Missed or delayed diagnoses cause considerable harm to patients treated in ambulatory care settings, conclude the authors of a retrospective review (Ann Intern Med. 2006; 145:488-496).

Diagnostic errors were cited in nearly 60% of the 307 closed medical malpractice claims reviewed; about 33% of them resulted in the patient's death.

Claim data were provided by 4 malpractice insurance companies based in 3 regions of the United States. Jointly, these companies insure approximately 21,000 physicians, 46 acute care hospitals, and 390 outpatient facilities, including a variety of primary care and outpatient specialty practices.

Investigators used the Institute of Medicine's definition of error: "The failure of a planned action to be completed as intended or the use of a wrong plan to achieve an aim."

Of the 307 cases reviewed, 181 involved errors that resulted in an adverse patient outcome, often a delayed or inaccurate diagnosis of cancer (primarily breast, colorectal, or skin cancer).

The majority of errors (85%) occurred in physicians' offices, and 42% of them involved primary care physicians. The most common diagnostic misstep was not ordering the appropriate test, followed by failure to have an appropriate follow-up plan, not conduct an adequate physical examination, or incorrectly interpret a diagnostic test.

Among the reasons for the breakdowns in the diagnostic process of the cancer patients, the investigators, led by Tejal K. Gandhi, MD, MPH, identified misinterpreted test results (46%) and incorrectly performed diagnostic tests (13%) as the most common blunders.

In contrast, missed noncancer diagnoses, such as infection, fracture, or myocardial infarction, were more often attributed to patient delay in seeking care, an inadequate patient history or physical examination, or failing to refer the patient for additional care.

"Outpatient diagnostic errors are due to multiple breakdowns in care processes and will therefore require multiple interventions to prevent," said coinvestigator Eric Thomas, MD.

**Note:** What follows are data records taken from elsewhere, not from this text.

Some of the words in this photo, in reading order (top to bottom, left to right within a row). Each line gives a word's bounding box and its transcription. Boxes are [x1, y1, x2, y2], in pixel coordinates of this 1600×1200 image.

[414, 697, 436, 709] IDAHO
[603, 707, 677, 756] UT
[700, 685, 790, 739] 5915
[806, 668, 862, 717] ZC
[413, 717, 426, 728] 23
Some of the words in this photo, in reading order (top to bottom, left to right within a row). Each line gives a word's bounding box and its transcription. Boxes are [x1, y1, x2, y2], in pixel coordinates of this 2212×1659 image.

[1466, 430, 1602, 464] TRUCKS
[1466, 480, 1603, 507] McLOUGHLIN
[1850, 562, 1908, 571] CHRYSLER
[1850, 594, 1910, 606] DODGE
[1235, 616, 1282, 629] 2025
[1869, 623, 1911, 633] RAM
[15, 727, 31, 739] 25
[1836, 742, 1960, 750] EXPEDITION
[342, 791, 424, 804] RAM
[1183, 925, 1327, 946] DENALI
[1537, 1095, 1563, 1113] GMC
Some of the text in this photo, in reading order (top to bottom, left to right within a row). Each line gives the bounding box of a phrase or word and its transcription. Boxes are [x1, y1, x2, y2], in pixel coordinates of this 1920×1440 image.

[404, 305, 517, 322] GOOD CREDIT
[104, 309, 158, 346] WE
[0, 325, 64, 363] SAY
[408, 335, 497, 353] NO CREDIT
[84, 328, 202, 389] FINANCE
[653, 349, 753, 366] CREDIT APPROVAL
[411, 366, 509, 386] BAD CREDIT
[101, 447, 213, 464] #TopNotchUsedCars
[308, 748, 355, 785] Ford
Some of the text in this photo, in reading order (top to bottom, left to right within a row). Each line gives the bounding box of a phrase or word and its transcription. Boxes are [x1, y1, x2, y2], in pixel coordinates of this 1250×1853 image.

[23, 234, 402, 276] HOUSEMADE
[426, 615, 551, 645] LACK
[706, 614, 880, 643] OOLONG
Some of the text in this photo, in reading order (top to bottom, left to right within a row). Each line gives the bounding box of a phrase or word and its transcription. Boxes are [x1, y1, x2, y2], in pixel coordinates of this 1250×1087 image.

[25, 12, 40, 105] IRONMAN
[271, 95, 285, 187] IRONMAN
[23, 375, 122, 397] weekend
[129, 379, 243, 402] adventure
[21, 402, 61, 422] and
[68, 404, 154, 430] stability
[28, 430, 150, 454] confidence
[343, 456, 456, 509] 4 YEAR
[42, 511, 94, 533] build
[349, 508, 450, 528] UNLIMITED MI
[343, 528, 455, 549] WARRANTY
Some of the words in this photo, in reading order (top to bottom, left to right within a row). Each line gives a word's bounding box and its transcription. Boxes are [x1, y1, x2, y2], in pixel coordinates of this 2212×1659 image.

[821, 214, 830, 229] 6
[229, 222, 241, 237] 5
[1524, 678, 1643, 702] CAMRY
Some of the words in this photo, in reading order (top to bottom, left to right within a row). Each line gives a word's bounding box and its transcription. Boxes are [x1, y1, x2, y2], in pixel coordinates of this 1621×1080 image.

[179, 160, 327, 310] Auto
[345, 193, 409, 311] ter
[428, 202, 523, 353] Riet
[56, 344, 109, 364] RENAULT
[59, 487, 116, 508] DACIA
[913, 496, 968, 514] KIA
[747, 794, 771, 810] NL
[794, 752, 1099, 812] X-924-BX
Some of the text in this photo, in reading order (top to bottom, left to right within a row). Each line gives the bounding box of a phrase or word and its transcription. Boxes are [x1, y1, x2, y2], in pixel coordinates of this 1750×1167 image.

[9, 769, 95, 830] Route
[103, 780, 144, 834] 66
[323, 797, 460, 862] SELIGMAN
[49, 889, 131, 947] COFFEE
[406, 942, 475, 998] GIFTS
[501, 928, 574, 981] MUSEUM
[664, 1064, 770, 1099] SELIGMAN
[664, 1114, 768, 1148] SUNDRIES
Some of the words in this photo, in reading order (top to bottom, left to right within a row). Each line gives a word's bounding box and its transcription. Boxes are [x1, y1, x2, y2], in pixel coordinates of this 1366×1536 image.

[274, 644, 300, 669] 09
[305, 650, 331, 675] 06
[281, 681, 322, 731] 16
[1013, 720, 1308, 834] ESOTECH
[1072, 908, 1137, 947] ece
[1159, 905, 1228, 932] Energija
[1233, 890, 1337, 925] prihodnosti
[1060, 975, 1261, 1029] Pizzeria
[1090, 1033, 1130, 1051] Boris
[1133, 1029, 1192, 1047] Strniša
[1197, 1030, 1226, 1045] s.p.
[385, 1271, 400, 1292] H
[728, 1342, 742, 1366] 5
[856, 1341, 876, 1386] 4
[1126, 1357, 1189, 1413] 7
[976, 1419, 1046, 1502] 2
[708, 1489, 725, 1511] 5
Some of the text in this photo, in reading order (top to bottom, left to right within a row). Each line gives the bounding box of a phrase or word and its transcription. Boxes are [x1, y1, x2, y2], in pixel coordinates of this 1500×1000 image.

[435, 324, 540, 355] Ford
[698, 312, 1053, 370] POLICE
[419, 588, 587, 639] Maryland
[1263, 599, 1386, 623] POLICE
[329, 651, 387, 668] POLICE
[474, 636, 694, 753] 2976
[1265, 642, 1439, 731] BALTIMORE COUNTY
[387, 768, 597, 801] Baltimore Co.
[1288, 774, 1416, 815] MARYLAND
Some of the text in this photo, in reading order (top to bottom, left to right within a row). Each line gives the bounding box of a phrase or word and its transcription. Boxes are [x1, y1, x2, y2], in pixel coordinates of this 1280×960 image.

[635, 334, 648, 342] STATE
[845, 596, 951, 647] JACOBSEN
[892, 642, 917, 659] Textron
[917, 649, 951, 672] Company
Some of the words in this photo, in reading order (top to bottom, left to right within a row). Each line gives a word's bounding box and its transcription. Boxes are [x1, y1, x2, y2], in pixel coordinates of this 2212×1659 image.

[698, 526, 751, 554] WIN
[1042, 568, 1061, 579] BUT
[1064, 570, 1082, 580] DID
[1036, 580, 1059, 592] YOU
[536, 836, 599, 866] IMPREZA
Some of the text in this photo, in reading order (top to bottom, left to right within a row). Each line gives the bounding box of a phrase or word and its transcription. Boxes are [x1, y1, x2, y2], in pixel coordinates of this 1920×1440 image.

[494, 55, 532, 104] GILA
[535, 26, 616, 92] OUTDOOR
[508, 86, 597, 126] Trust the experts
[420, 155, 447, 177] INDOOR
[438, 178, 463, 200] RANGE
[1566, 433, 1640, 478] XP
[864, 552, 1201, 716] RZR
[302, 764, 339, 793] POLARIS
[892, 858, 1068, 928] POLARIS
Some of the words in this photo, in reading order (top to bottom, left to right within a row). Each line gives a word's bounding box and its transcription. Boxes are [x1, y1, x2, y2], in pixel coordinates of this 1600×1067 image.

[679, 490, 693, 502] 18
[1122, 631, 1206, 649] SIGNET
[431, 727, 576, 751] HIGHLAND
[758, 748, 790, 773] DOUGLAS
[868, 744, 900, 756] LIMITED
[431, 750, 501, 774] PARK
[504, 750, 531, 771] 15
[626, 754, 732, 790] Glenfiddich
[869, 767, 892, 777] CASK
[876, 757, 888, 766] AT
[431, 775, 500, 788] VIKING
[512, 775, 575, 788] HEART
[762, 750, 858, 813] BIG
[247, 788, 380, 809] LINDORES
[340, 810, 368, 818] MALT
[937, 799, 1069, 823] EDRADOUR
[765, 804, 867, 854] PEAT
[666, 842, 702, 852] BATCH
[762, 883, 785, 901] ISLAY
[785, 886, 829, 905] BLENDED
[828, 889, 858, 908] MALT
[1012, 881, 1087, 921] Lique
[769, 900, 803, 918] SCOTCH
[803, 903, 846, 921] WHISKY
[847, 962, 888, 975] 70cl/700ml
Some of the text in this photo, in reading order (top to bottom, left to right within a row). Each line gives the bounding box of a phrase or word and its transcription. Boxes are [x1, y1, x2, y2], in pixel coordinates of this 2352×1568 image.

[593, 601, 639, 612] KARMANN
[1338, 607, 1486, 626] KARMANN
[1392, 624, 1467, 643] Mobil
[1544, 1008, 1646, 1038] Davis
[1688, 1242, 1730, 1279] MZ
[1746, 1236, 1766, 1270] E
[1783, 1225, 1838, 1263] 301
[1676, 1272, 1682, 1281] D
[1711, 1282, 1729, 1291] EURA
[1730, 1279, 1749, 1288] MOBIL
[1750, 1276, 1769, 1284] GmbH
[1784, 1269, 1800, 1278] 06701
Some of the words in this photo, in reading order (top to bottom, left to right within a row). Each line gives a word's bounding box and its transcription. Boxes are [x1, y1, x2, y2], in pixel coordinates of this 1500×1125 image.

"Physicians will need more computerized decision support and better methods to follow up diagnostic tests. We also need to make it easier for patients to follow through with complicated outpatient evaluations and to give them access to their medical information," Dr Thomas added.

Diagnostic tests that physicians most often failed to order were biopsies, followed by computed tomography, mammography, and colonoscopy. The most common explanation for not ordering a test was the physician not knowing that it was indicated for the condition.

A failure in judgment is pinpointed as the leading cause of diagnostic errors. Other contributing factors involved vigilance or memory, knowledge, patient-related factors, and handoffs of care.

Having >1 physician involved in a patient's care also played a role. In nearly half (43%) of the cases, ≥2 physicians contributed to the missed diagnosis, and in 16%, ≥3 physicians contributed. In addition, delays in diagnosis were often prolonged, averaging >1 year.

"These errors are complex, and most are caused by multiple breakdowns in the diagnostic process and involve multiple doctors and healthcare providers," Dr Gandhi said. "Because of this complexity, finding quick solutions will be difficult. Understanding the most common breakdowns, such as failure to order a test and failure to create a proper follow-up plan, is a first step in designing prevention strategies," he added.